The way to do that of course is to look at both sites and check their sources. In my experience, this can take some effort and time.
 
Bob Noel said:
isn't it interesting that we can easily find reports of new confirmed cases and probable cases, but where are the reports of people recovered? Where are the reports of the people that never develop symptoms?
I believe covidtracking.com datasets have numbers recovered for states in the US.
 
Matthew Rogers said:
Hong Kong has 7.5 million people and 55 deaths. Shares an intimate land border with the original epicenter. Somehow they managed to not only control the virus, but have since still stayed relatively virus free. They had a recent spike, but the peak of that spike was 10 times lower per capita than our constant levels and is now 20 times lower after only 3 weeks.

If we were doing as well as them we would have 2500 deaths at this point and not 165,000. That is quite a difference.
As I said, the recent paper in Lancet showed that it is unlikely coercive lockdowns are a causative factor in reducing Covid-19 mortality.
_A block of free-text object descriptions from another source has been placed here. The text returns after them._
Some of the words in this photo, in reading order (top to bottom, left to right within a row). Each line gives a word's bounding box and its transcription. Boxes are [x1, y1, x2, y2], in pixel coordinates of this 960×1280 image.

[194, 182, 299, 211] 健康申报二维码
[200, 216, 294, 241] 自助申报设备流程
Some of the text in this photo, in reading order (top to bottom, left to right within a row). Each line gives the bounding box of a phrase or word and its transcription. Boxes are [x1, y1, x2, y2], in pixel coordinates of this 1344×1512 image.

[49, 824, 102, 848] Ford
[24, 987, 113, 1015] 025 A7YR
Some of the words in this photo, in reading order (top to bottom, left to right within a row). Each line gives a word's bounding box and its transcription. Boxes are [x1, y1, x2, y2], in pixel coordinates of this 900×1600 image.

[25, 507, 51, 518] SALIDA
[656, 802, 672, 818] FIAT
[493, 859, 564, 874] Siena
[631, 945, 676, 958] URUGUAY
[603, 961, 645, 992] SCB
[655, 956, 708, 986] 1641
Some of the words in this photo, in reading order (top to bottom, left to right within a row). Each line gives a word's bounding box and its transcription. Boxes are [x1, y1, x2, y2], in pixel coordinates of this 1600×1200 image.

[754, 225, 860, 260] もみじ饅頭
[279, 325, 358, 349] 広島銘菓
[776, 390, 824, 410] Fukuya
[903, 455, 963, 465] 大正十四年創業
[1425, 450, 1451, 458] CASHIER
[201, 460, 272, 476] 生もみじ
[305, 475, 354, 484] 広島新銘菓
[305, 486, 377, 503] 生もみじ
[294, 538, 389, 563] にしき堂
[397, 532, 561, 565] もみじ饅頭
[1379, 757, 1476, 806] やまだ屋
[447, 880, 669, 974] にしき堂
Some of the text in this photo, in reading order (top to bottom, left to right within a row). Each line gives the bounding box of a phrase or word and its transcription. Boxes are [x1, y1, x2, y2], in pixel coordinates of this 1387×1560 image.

These individual comparisons are essentially anecdotes.

There must be other factors that are responsible for some countries having lower deaths OR they are simply earlier in the virus spreading there and it will eventually happen. Another explanation in this case is that Hong Kong is controlled by China and since they are a totalitarian regime with a censored media their reports can not be trusted. (Why would anyone trust what such a government says?)